It’s that time of the year again when the sun’s shining bright and we welcome the season wholeheartedly with barbecues and backyard parties.
I love spring and summer! No matter how hot it gets, I love this season because it’s all about the outdoor life. The late sunsets and balmy evenings are perfect for outdoor parties. Our new home has a beautiful backyard and deck space so can’t wait to have friends over for some great food and conversations.
And when we speak of barbecues, burgers are a hot favourite especially if you have kids around. I like to make the burgers from scratch as there’s more control of the type and quality of meat and also the flavour and seasonings that go into it.
While I have experimented with pork, lamb and beef burger before, this is the first time with a chicken burger; a recipe I wanted to perfect as a lot of our friends do not eat other meats except chicken. And of course my love for spice blends came to the fore with this one too and hence a ‘Tandoori Chicken Burger’
Now the tandoori masala is a wet marinade which does not really work with a burger. So I made a dry spice blend incorporating many of the spices and herbs that traditionally go into making a tandoori masala. The dry spice blend was added to the chicken mince to flavour and season before being shaped into burger patties.
This dry tandoori blend is a really versatile one. Of course you can add it to yoghurt and make the tandoori marinade for grilling veggies, fish or meats. But I end up using this dry marinade as a seasoning agent for so many dishes including curries.

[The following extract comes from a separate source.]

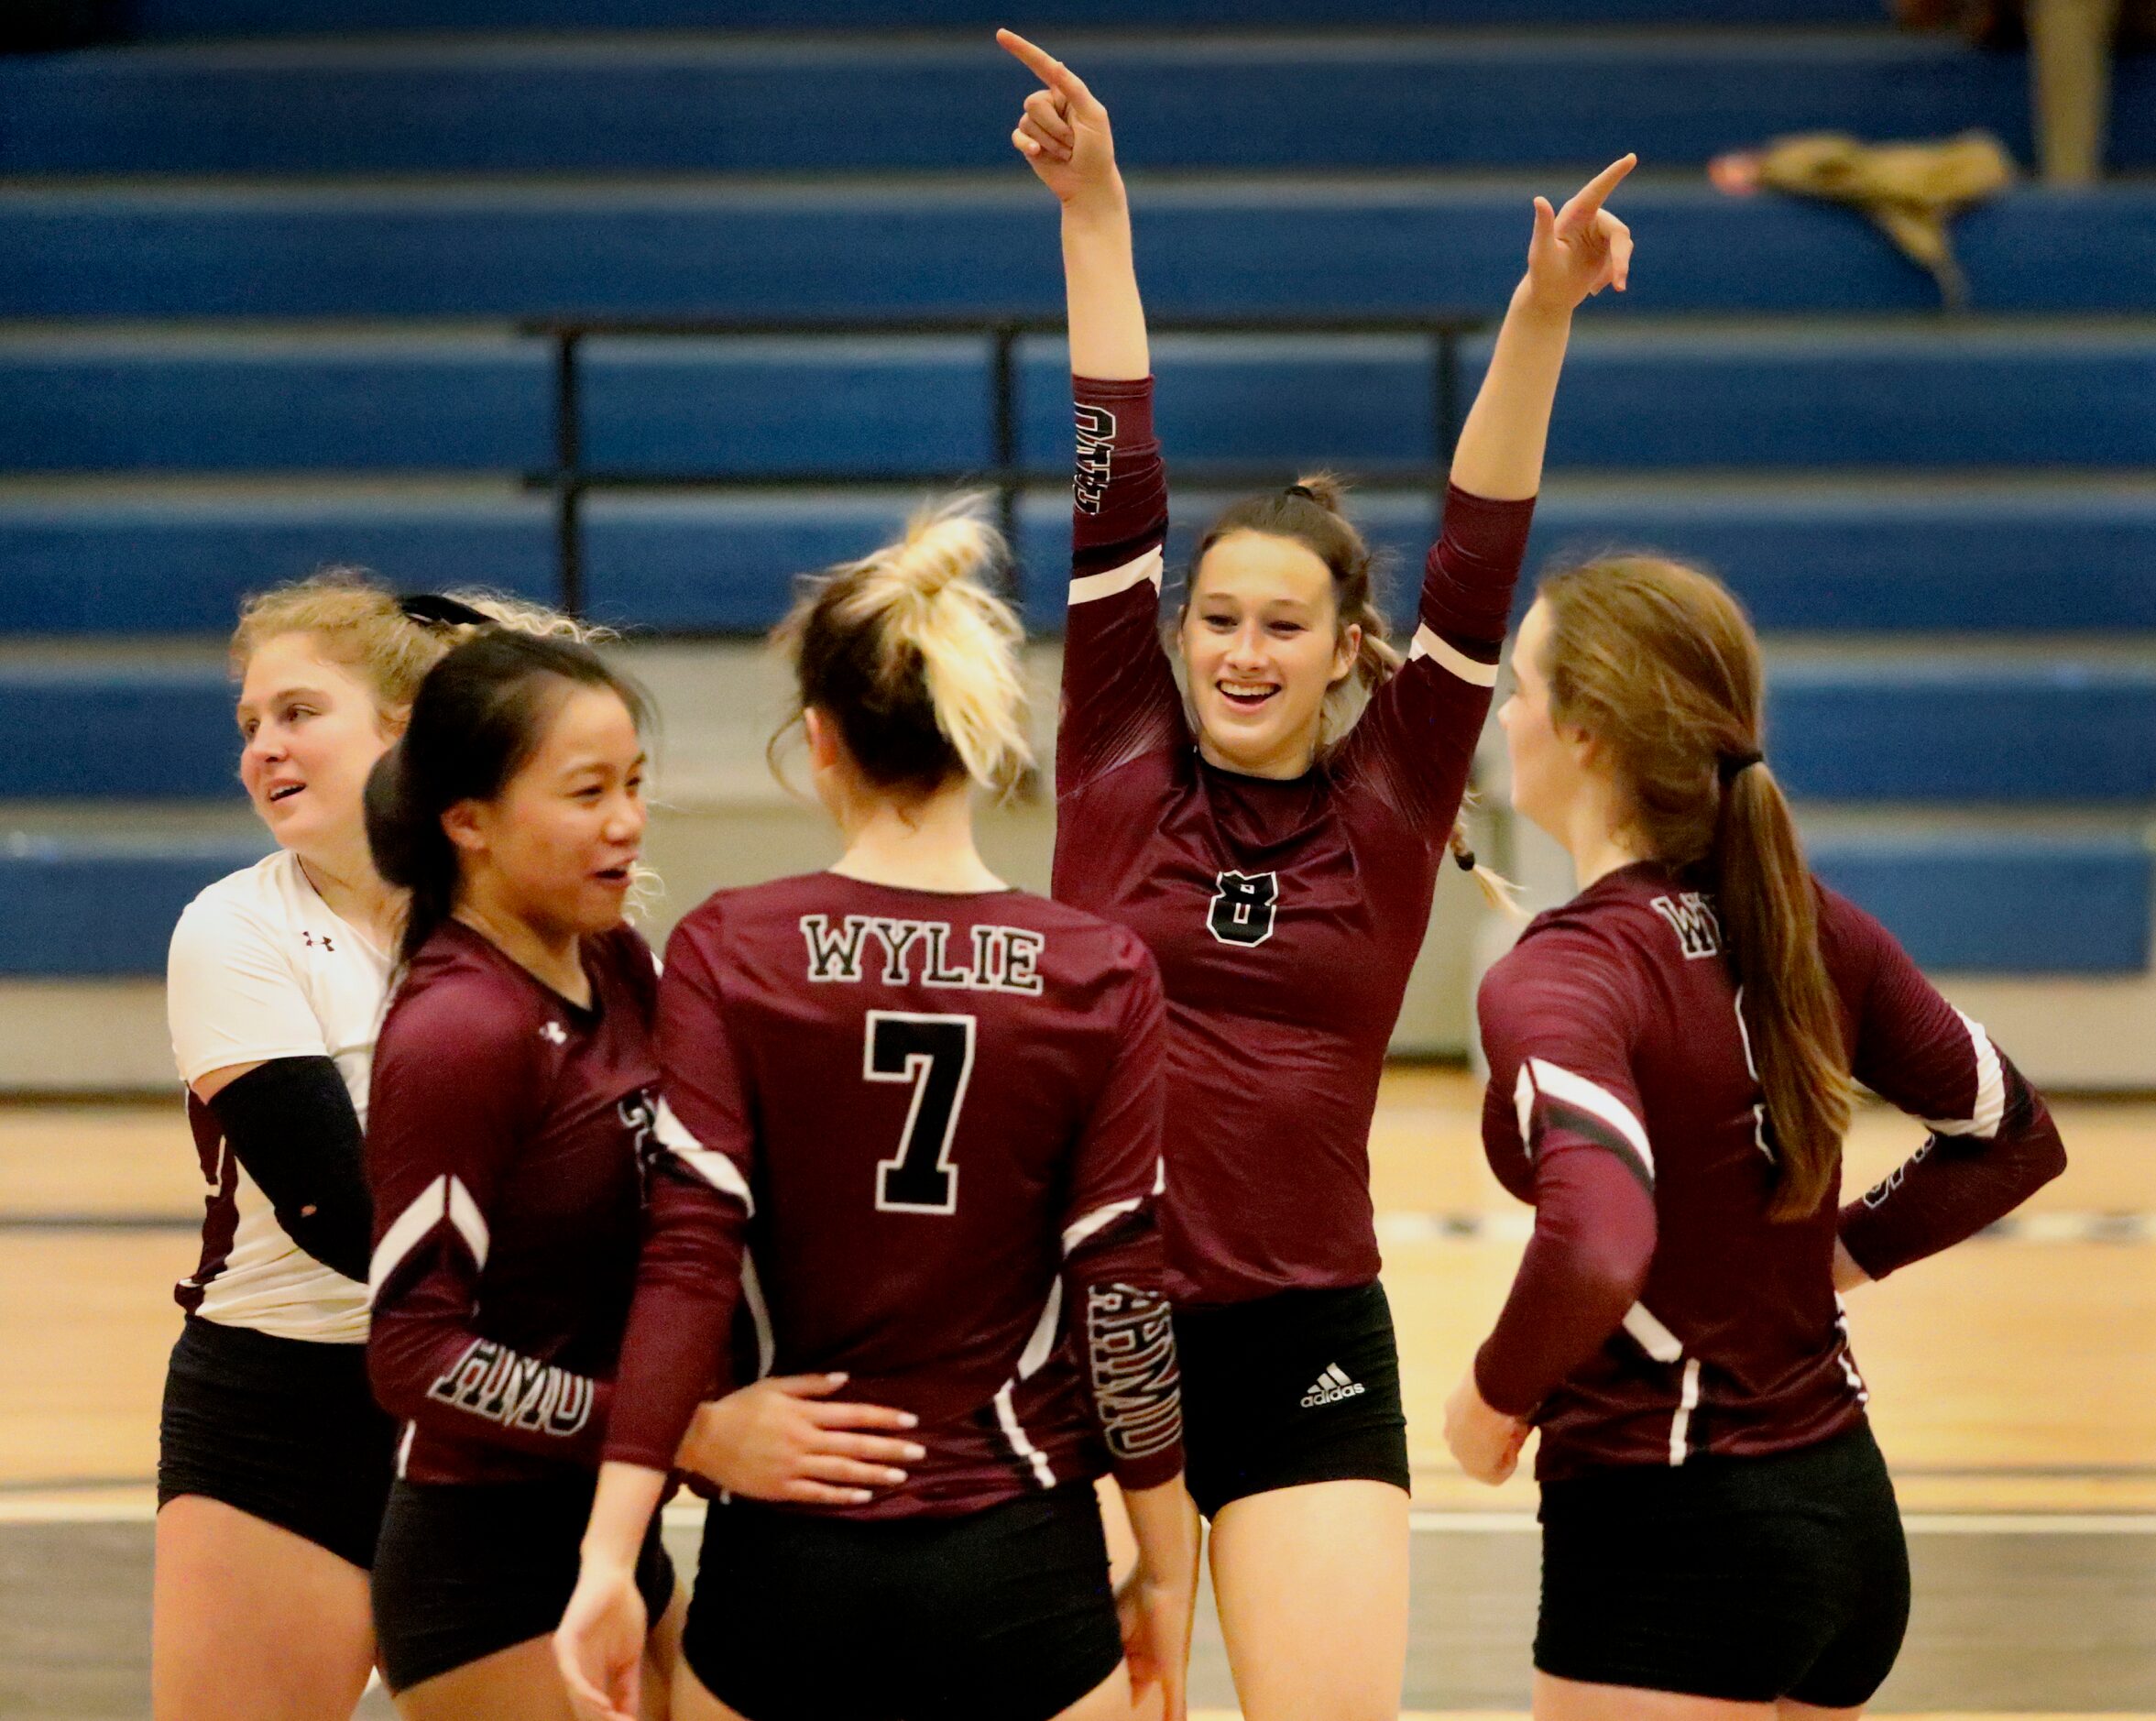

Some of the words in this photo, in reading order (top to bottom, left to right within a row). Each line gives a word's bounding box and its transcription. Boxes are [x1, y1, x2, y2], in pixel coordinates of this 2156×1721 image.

[1206, 870, 1278, 948] 8
[801, 915, 1045, 996] WYLIE
[863, 1010, 977, 1215] 7
[1300, 1382, 1365, 1408] adidas

And when it comes to this particular recipe, the flavoured mince can again be used to make meatballs, koftes etc….
Since I wanted to keep the flavours on the traditional side, the accompaniments were tomato chutney, mint coriander chutney, pickled onions along with sliced tomatoes and butter lettuce.

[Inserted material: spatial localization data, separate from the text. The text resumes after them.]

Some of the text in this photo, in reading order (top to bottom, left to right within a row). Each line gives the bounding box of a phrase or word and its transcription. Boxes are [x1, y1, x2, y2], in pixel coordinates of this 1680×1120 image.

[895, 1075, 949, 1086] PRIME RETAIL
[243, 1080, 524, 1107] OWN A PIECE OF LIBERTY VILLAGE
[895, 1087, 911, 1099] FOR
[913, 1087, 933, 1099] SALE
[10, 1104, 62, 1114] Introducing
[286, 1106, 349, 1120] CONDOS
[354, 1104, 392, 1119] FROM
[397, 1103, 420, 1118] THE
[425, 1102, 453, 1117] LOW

Note – Recipe for mint coriander chutney can be found here.
So let’s get grilling these delicious Tandoori Chicken Burgers….
Tandoori Spice Blend:
(The excess can be stored in an airtight container; keeps fresh for 3 months)
- 2 tsp turmeric powder
- 4 tsp red chilli powder
- 2 tsp Kashmiri chilli powder
- 2 tsp coriander powder
- 2 tsp cumin powder
- 2 tsp chaat masala
- ½ tsp dried mango powder
- 1 tsp dried garlic granules (or use garlic powder)
- 1 tsp dried ginger
To prepare, mix all the ingredients together and store in an airtight container. No salt has been added to this spice blend unlike most commercial ones so keep that in mind while using it as a spice rub or marinade.
For the burger patties:
- 500gms chicken mince
- 1 ½ tbsp tandoori spice blend
- 2 tbsp fresh coriander; finely chopped
- Salt, to season
- Oil, for grilling
- 4 Brioche burger buns
- Tomato chutney
- Mint coriander chutney
- Pickled onions
- Butter lettuce
- ½ Lebanese cucumber; sliced
- 1 tomato; sliced
- In a glass bowl, add the chicken mince, tandoori blend, coriander and salt. Mix well to combine and allow to rest for 30 minutes.
- Shape into 4 large patties (you may shape into smaller sized patties based on your preference) and keep aside.
- Spray oil on a stove top grill (the burgers can be cooked on a barbecue too) and place on medium to high heat. When the grill is really hot, place the burger patties and hold down with the spatula for a few seconds. Repeat for all four.
- Flip over after 1-2 minutes and repeat till the burgers are done. Remove and keep aside.
- Cut the brioche buns in half and grill.
- To assemble, spread tomato chutney on one side and mint coriander chutney on the other side. Place the butter lettuce leaves and then place the burger on top, followed by the tomato slice, cucumber and pickled onions.